WHAT YOU SHOULD DO: Extract each line of the material that follows exactly and omit its pictures.

MATERIAL SHOWN:

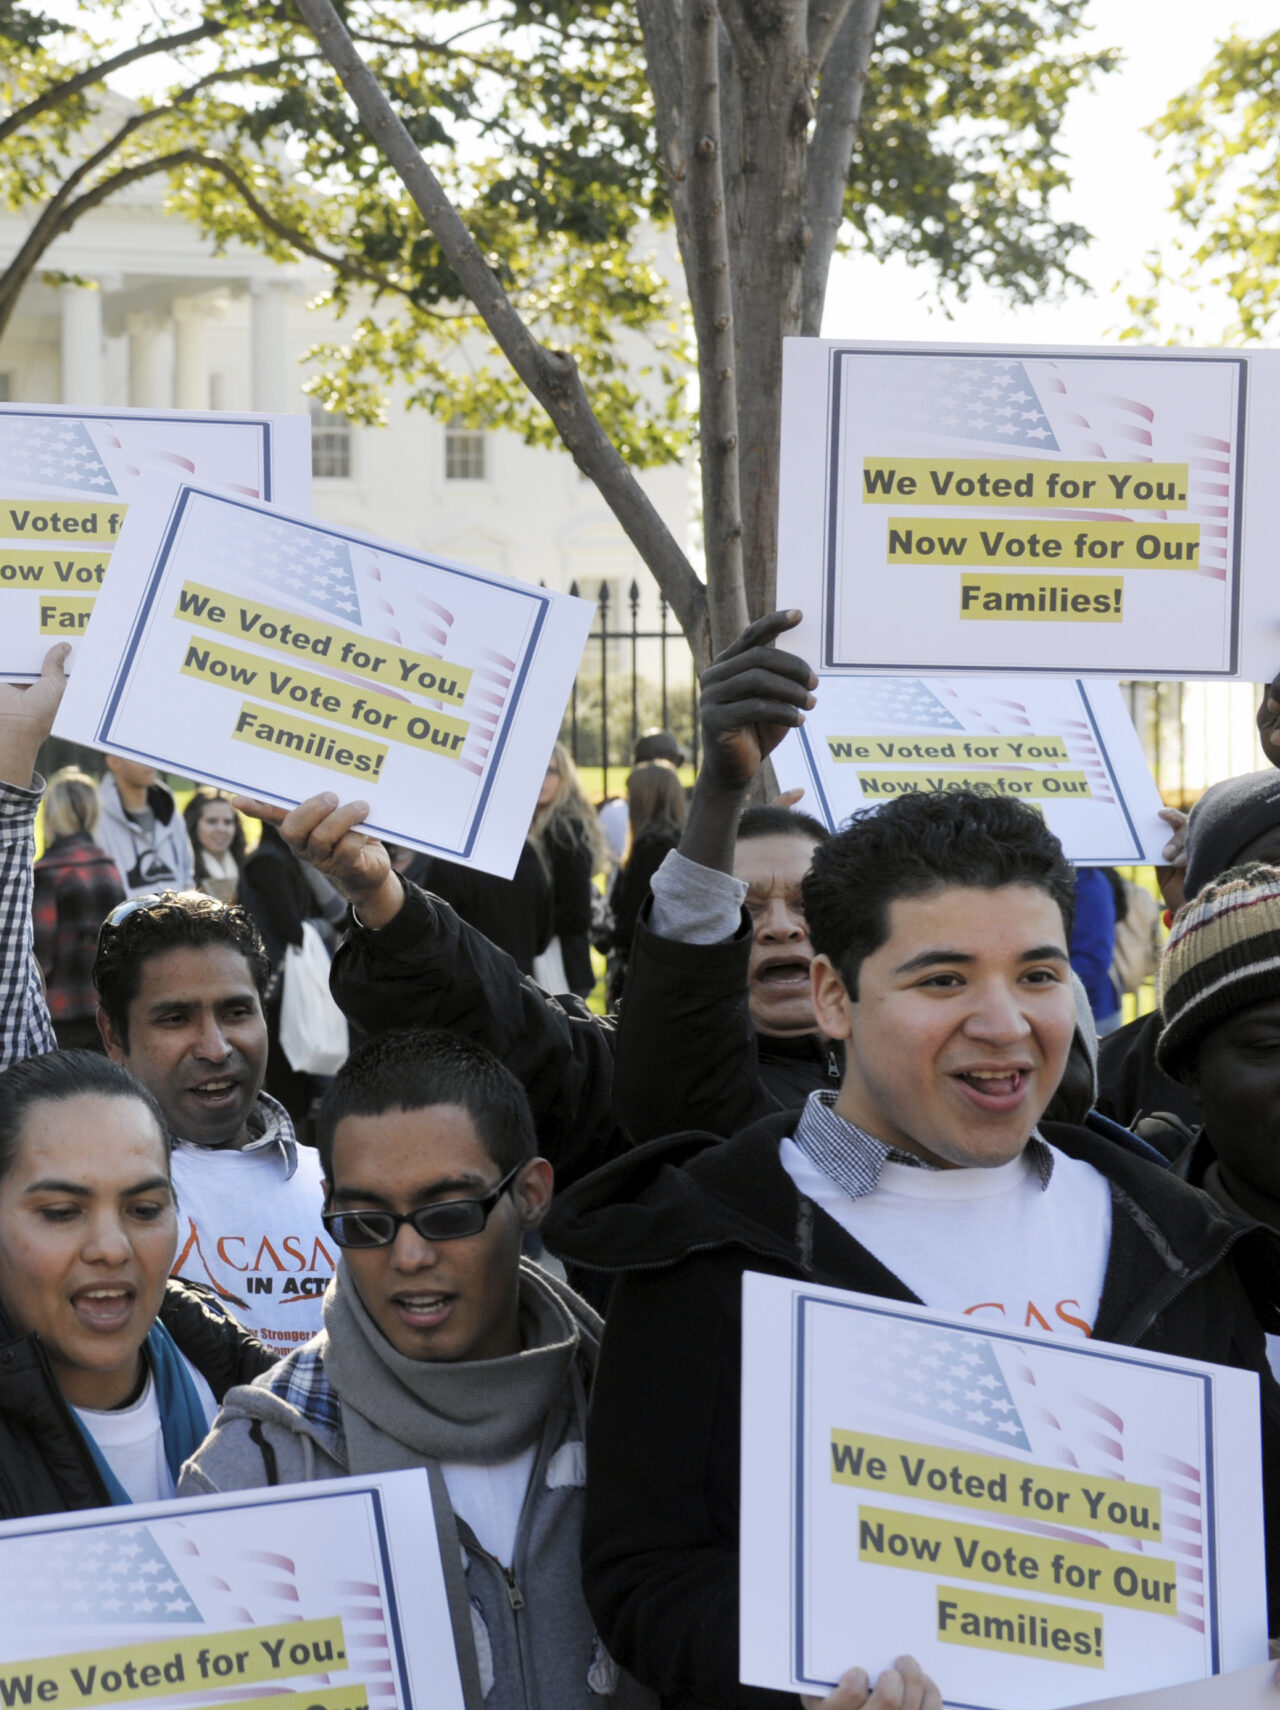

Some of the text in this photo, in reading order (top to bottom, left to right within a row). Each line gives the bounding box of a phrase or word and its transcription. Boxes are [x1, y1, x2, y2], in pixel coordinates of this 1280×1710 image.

[864, 470, 1185, 500] We Voted for You.
[10, 511, 97, 533] Voted
[889, 530, 1199, 560] Now Vote for Our
[54, 562, 105, 583] Vot
[962, 586, 1121, 613] Families!
[180, 591, 464, 699] We Voted for You.
[185, 646, 465, 750] Now Vote for Our
[235, 711, 384, 775] Families!
[829, 743, 1066, 758] We Voted for You.
[859, 778, 918, 793] Now
[997, 778, 1032, 793] for
[1042, 778, 1087, 792] Our
[217, 1235, 336, 1272] CASA
[247, 1278, 272, 1294] IN
[261, 1328, 310, 1341] Stronger
[832, 1443, 1159, 1530] We Voted for You.
[861, 1521, 1176, 1603] Now Vote for Our
[939, 1601, 1101, 1656] Families!
[71, 1654, 184, 1695] Voted
[197, 1650, 248, 1678] for
[261, 1639, 344, 1668] You.

ANSWER SPACE:
Some of the text in this photo, in reading order (top to bottom, left to right within a row). Each line gives the bounding box of a phrase or word and its transcription. Boxes are [x1, y1, x2, y2], in pixel coordinates of this 1280×1710 image.

[864, 470, 1185, 500] We Voted for You.
[10, 511, 97, 533] Voted
[889, 530, 1199, 560] Now Vote for Our
[54, 562, 105, 583] Vot
[962, 586, 1121, 613] Families!
[180, 591, 464, 699] We Voted for You.
[185, 646, 465, 750] Now Vote for Our
[235, 711, 384, 775] Families!
[829, 743, 1066, 758] We Voted for You.
[859, 778, 918, 793] Now
[997, 778, 1032, 793] for
[1042, 778, 1087, 792] Our
[217, 1235, 336, 1272] CASA
[247, 1278, 272, 1294] IN
[261, 1328, 310, 1341] Stronger
[832, 1443, 1159, 1530] We Voted for You.
[861, 1521, 1176, 1603] Now Vote for Our
[939, 1601, 1101, 1656] Families!
[71, 1654, 184, 1695] Voted
[197, 1650, 248, 1678] for
[261, 1639, 344, 1668] You.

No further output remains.